Monday, April 20, 2009

Columnist's Experiment Would Be Easy On Spartan Diet

Washington Post columnist Jennifer Huget wanted to find out how hard it would be to meet all the USDA's Dietary Guidelines by eating food and without supplementing with vitamin and mineral pills. She turned to a registered dietitian named Danielle Omar, who attempted to put together the actual meals necessary to meet the nutritional requirements for a "hypothetical 35-year-old, 5-foot-4-inch woman who weighs 130 pounds and exercises three times a week."

I recommend that you read the article here. Here's my summary: They found it challenging and, in the end, gave the following bad advice:

* "Resign yourself to eating some processed foods"

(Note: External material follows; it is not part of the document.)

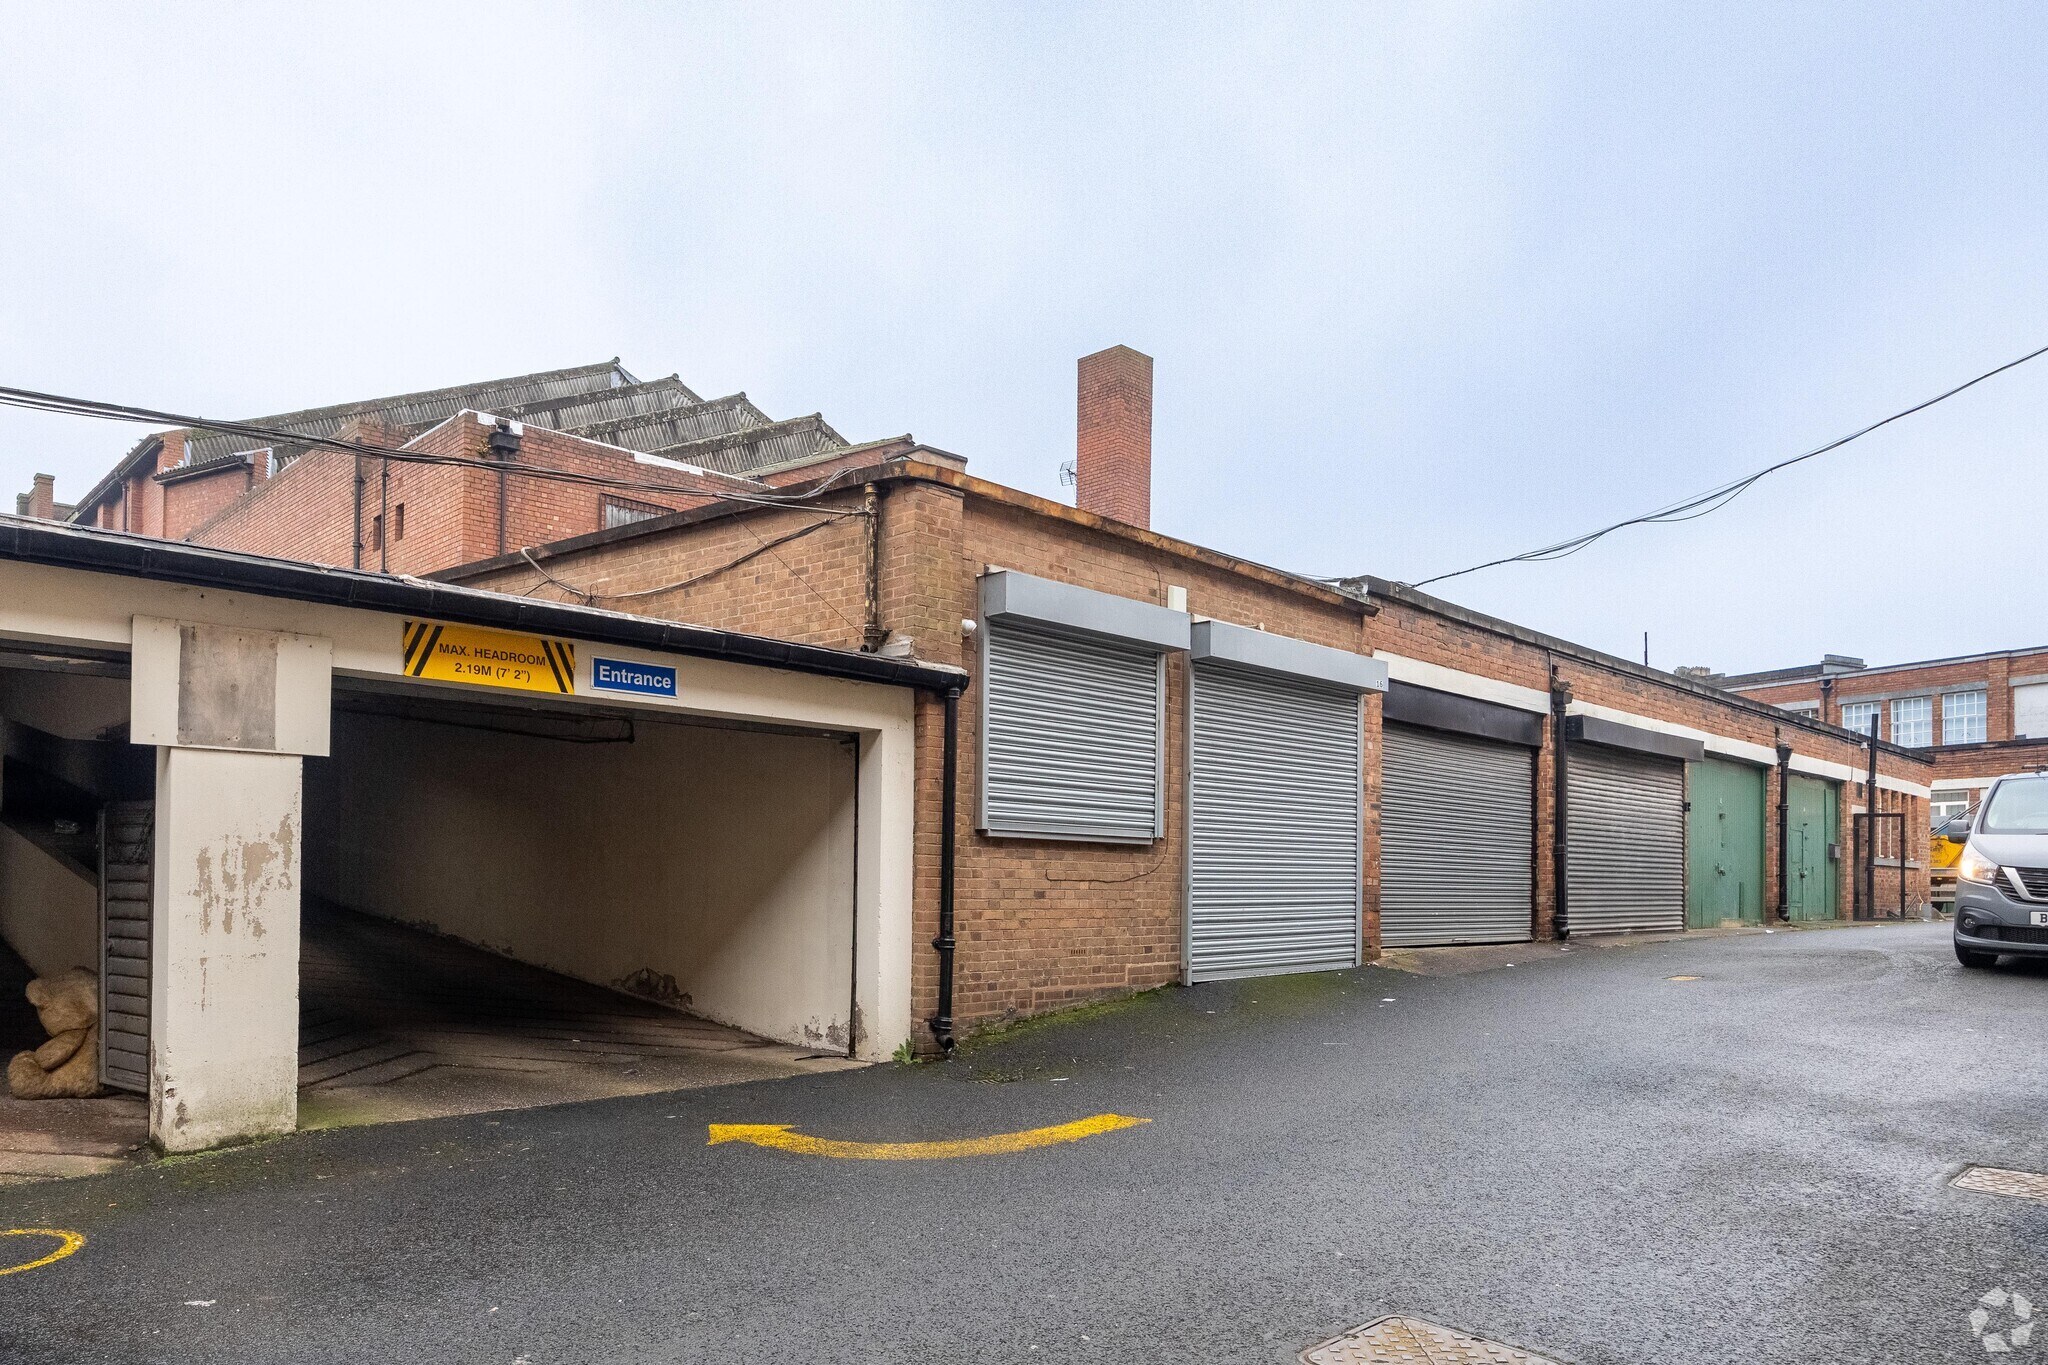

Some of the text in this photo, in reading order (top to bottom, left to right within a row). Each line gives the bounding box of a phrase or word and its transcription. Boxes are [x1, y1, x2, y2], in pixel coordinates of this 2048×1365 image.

[439, 643, 546, 666] MAX. HEADROOM
[454, 662, 492, 676] 2.19M
[599, 665, 672, 689] Entrance

* "supplementing your diet may be prudent, particularly when it comes to Vitamin D"

* "consider supplementing with calcium, Omega-3 fatty acids (for cardiovascular health) and folic acid"

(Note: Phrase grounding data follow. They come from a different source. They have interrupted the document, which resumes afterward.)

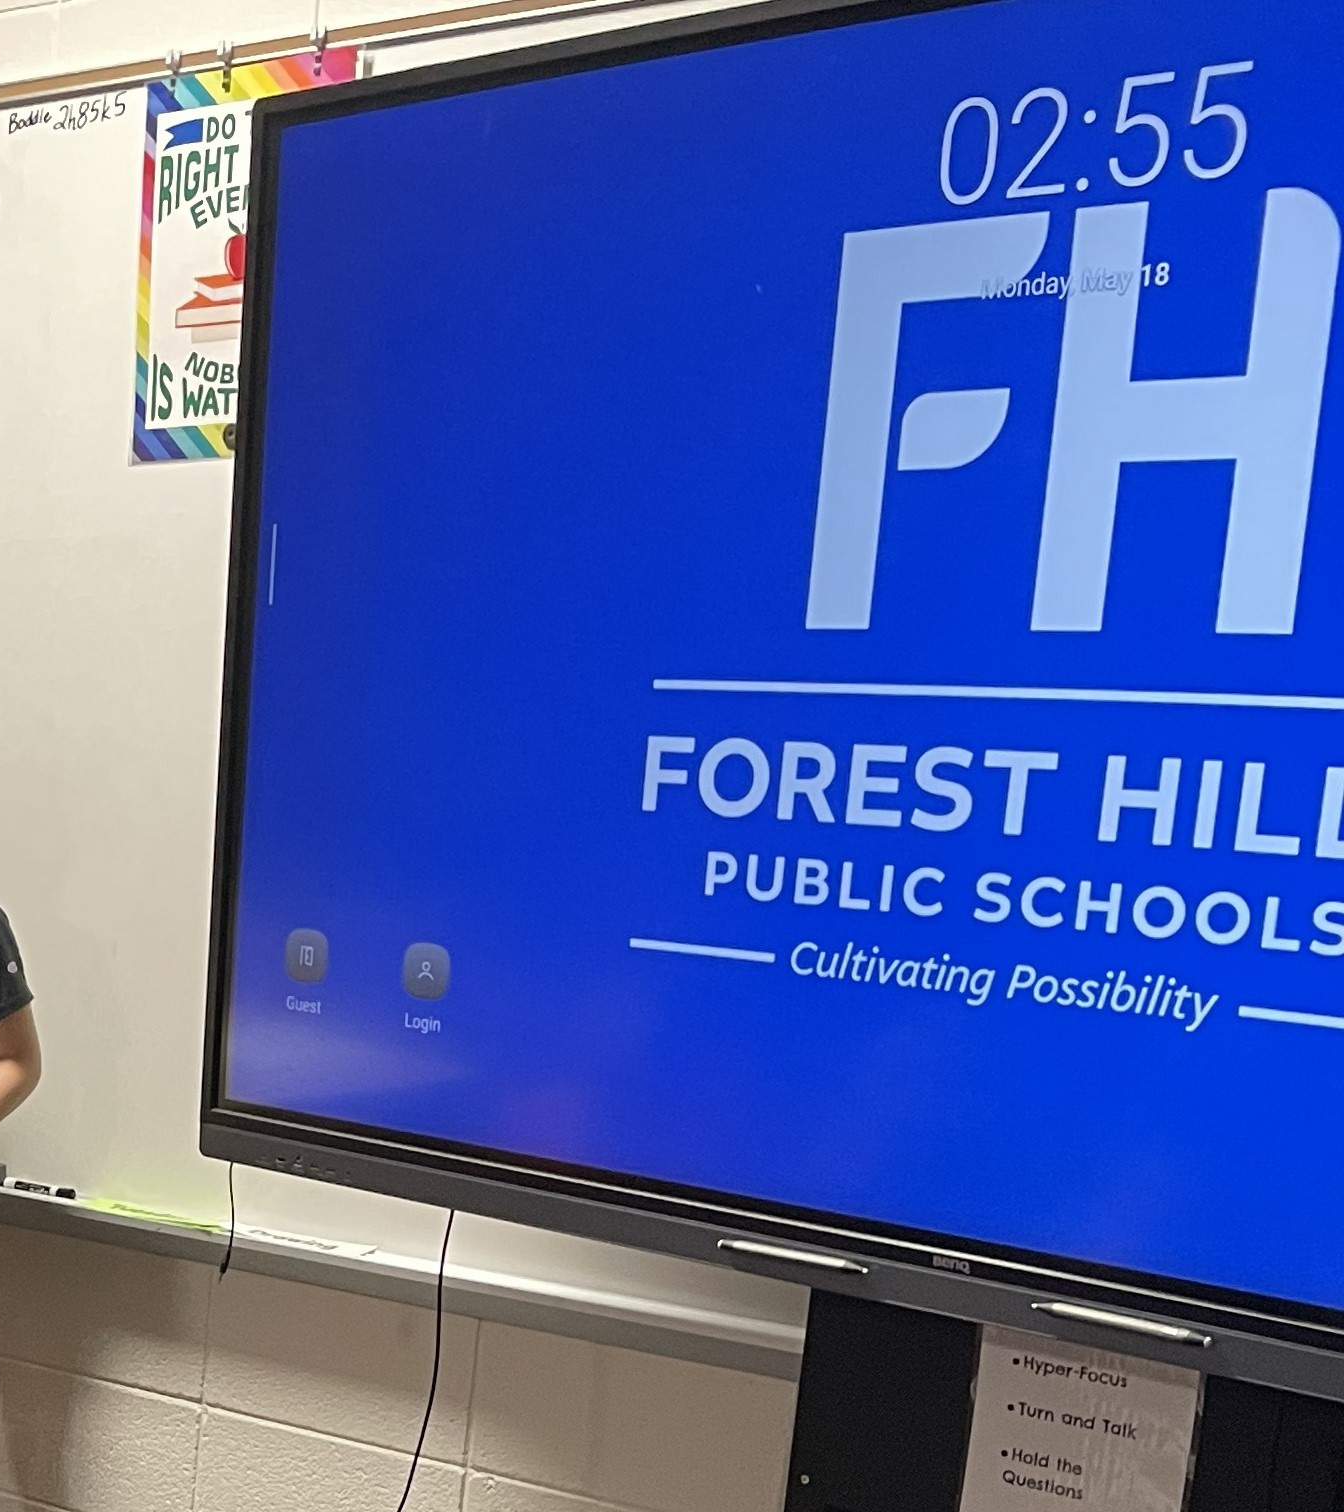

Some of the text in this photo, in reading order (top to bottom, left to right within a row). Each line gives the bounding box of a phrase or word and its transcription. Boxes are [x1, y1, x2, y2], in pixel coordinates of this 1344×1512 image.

[206, 113, 236, 143] DO
[939, 60, 1255, 206] 02:55
[157, 143, 240, 225] RIGHT
[1080, 266, 1133, 296] May
[1140, 261, 1171, 288] 18
[185, 351, 235, 384] NOB
[151, 353, 239, 422] IS WAT
[641, 735, 1060, 836] FOREST
[703, 850, 1344, 957] PUBLIC SCHOOLS
[285, 994, 322, 1015] Guest
[789, 941, 1220, 1033] Cultivating Possibility
[404, 1011, 441, 1034] Login
[1023, 1354, 1128, 1389] Hyper-Focus
[1018, 1401, 1138, 1441] Turn and Talk
[1011, 1447, 1082, 1477] Hold the
[1001, 1469, 1083, 1501] Questions

Here's where they went wrong in their thinking, at least from a Spartan Diet perspective:

1. Exercising 3 times a week is inadequate. Even the very set of government guidelines she's trying to match advises to exercise "most days of the week," which is more than three. The Spartan Diet calls for plenty of exercise 7 days a week. Going an entire day without any exercise damages the body, and prevents proper metabolism. They tried to meet a 1,800 calories per day maximum, but that low number is necessary only because exercising 3 times per week is totally inadequate. By getting enough exercise, they could have kept their hypothetical victim trim, and eat well over 2,000 calories per day.

2. Omar struggled to get sodium intake down to recommended levels. The reason is that they assumed you have to buy ready-made foods, which we do not recommend for people on the Spartan Diet. Make your own foods, and keep salt to a minimum.

3. The advice to "resign yourself to eating some processed foods" is not explained in the article. Why? We recommend that you never, ever eat processed foods of any kind. You cannot achieve maximum health while eating industrial, science-fiction foods where some of the good stuff has been removed and non-food ingredients have been added.

4. Omar recommends drinking milk, which we recommend against.

5. Omar says to "sneak in as many fruits and vegetables as you can." On the Spartan Diet, fruits and vegetables aren't "snuck in" to the your diet. They are central.

6. The article says that you're "likely to fall short" on nutrition from fruits and vegetables, warning that "11 bananas to meet the target for potassium." Then they add parenthetically that beans, potatoes and orange juice are other prime sources of this nutrient. Yes, that's right. Beans, potatoes, orange juice, melons, peaches, avocados, tomatoes, squash, lentils, wild fish, nuts and many other foods are loaded with potassium. If you eat whole, raw, fresh foods in adequate variety and you'll easily get plenty of potassium -- as well as fiber and all the rest.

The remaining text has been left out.